• _TASK INSTRUCTIONS_:
Exactly as written, set down every entry once more.

-.-.-

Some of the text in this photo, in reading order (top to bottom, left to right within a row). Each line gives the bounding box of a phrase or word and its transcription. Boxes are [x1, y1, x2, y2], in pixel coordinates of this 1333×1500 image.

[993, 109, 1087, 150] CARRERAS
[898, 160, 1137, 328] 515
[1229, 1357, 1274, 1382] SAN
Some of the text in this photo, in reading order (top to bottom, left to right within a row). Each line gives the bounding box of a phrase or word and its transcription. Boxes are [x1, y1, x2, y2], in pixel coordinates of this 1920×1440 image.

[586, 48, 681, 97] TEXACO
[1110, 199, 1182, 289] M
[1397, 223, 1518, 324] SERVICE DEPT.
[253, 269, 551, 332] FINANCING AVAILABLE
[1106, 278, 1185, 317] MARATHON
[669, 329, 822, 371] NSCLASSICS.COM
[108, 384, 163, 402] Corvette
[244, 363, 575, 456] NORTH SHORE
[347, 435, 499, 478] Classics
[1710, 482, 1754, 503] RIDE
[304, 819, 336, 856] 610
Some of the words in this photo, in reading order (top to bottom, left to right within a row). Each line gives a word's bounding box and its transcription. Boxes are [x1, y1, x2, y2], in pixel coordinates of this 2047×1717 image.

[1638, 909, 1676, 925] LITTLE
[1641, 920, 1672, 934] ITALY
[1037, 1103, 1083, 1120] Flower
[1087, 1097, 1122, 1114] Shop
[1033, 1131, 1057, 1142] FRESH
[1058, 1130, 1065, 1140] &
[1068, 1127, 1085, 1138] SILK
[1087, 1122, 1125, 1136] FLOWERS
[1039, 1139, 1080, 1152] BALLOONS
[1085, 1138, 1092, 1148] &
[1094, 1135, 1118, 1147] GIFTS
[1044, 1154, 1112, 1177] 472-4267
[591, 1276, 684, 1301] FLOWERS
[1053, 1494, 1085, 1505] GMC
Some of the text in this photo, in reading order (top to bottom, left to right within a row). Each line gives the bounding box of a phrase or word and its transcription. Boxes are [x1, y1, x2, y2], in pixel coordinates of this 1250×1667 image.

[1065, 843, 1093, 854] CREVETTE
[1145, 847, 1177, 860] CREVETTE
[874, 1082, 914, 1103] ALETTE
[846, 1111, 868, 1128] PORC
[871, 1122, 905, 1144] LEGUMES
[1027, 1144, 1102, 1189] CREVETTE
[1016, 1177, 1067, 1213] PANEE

-.-.-

• _ANSWER BOX_:
Some of the text in this photo, in reading order (top to bottom, left to right within a row). Each line gives the bounding box of a phrase or word and its transcription. Boxes are [x1, y1, x2, y2], in pixel coordinates of this 1333×1500 image.

[993, 109, 1087, 150] CARRERAS
[898, 160, 1137, 328] 515
[1229, 1357, 1274, 1382] SAN
Some of the text in this photo, in reading order (top to bottom, left to right within a row). Each line gives the bounding box of a phrase or word and its transcription. Boxes are [x1, y1, x2, y2], in pixel coordinates of this 1920×1440 image.

[586, 48, 681, 97] TEXACO
[1110, 199, 1182, 289] M
[1397, 223, 1518, 324] SERVICE DEPT.
[253, 269, 551, 332] FINANCING AVAILABLE
[1106, 278, 1185, 317] MARATHON
[669, 329, 822, 371] NSCLASSICS.COM
[108, 384, 163, 402] Corvette
[244, 363, 575, 456] NORTH SHORE
[347, 435, 499, 478] Classics
[1710, 482, 1754, 503] RIDE
[304, 819, 336, 856] 610
Some of the words in this photo, in reading order (top to bottom, left to right within a row). Each line gives a word's bounding box and its transcription. Boxes are [x1, y1, x2, y2], in pixel coordinates of this 2047×1717 image.

[1638, 909, 1676, 925] LITTLE
[1641, 920, 1672, 934] ITALY
[1037, 1103, 1083, 1120] Flower
[1087, 1097, 1122, 1114] Shop
[1033, 1131, 1057, 1142] FRESH
[1058, 1130, 1065, 1140] &
[1068, 1127, 1085, 1138] SILK
[1087, 1122, 1125, 1136] FLOWERS
[1039, 1139, 1080, 1152] BALLOONS
[1085, 1138, 1092, 1148] &
[1094, 1135, 1118, 1147] GIFTS
[1044, 1154, 1112, 1177] 472-4267
[591, 1276, 684, 1301] FLOWERS
[1053, 1494, 1085, 1505] GMC
Some of the text in this photo, in reading order (top to bottom, left to right within a row). Each line gives the bounding box of a phrase or word and its transcription. Boxes are [x1, y1, x2, y2], in pixel coordinates of this 1250×1667 image.

[1065, 843, 1093, 854] CREVETTE
[1145, 847, 1177, 860] CREVETTE
[874, 1082, 914, 1103] ALETTE
[846, 1111, 868, 1128] PORC
[871, 1122, 905, 1144] LEGUMES
[1027, 1144, 1102, 1189] CREVETTE
[1016, 1177, 1067, 1213] PANEE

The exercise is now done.